• [Problem] Repeat the records below verbatim and include no pictures.

• [Dataset excerpts]
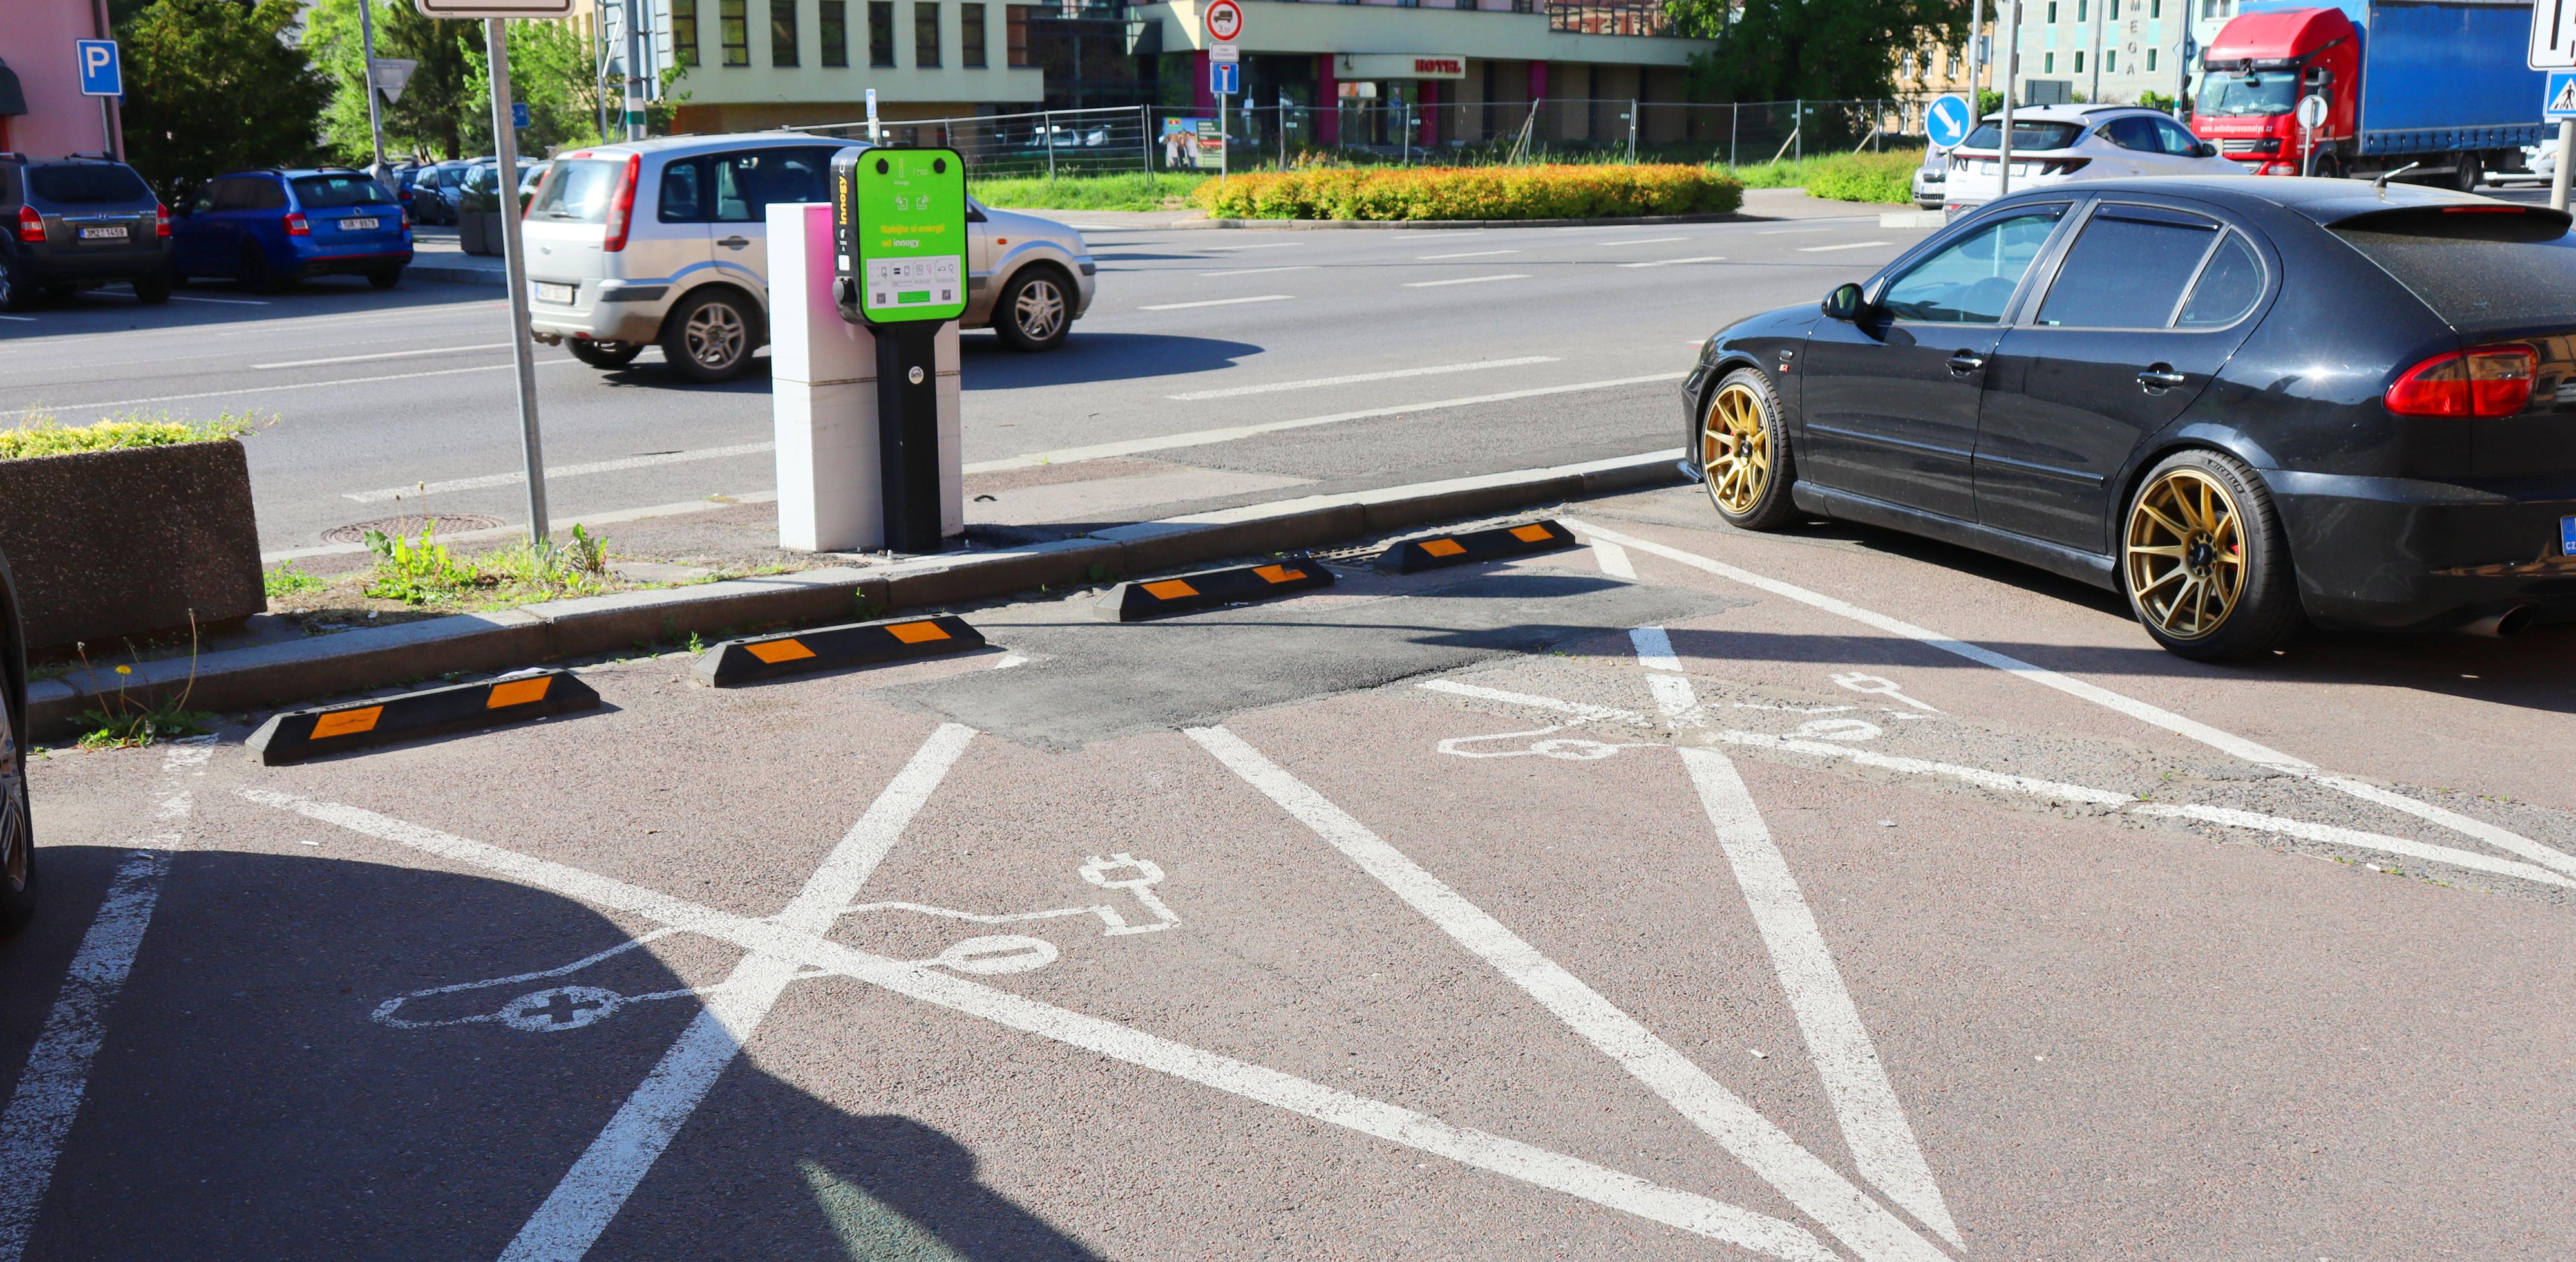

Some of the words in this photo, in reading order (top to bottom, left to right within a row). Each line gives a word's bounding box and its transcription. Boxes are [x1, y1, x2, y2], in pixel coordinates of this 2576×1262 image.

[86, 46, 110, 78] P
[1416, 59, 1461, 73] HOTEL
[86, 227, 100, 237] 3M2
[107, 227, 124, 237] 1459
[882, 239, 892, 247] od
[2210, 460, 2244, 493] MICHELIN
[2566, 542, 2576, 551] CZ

• [Response for this exercise]
Some of the words in this photo, in reading order (top to bottom, left to right within a row). Each line gives a word's bounding box and its transcription. Boxes are [x1, y1, x2, y2], in pixel coordinates of this 2576×1262 image.

[86, 46, 110, 78] P
[1416, 59, 1461, 73] HOTEL
[86, 227, 100, 237] 3M2
[107, 227, 124, 237] 1459
[882, 239, 892, 247] od
[2210, 460, 2244, 493] MICHELIN
[2566, 542, 2576, 551] CZ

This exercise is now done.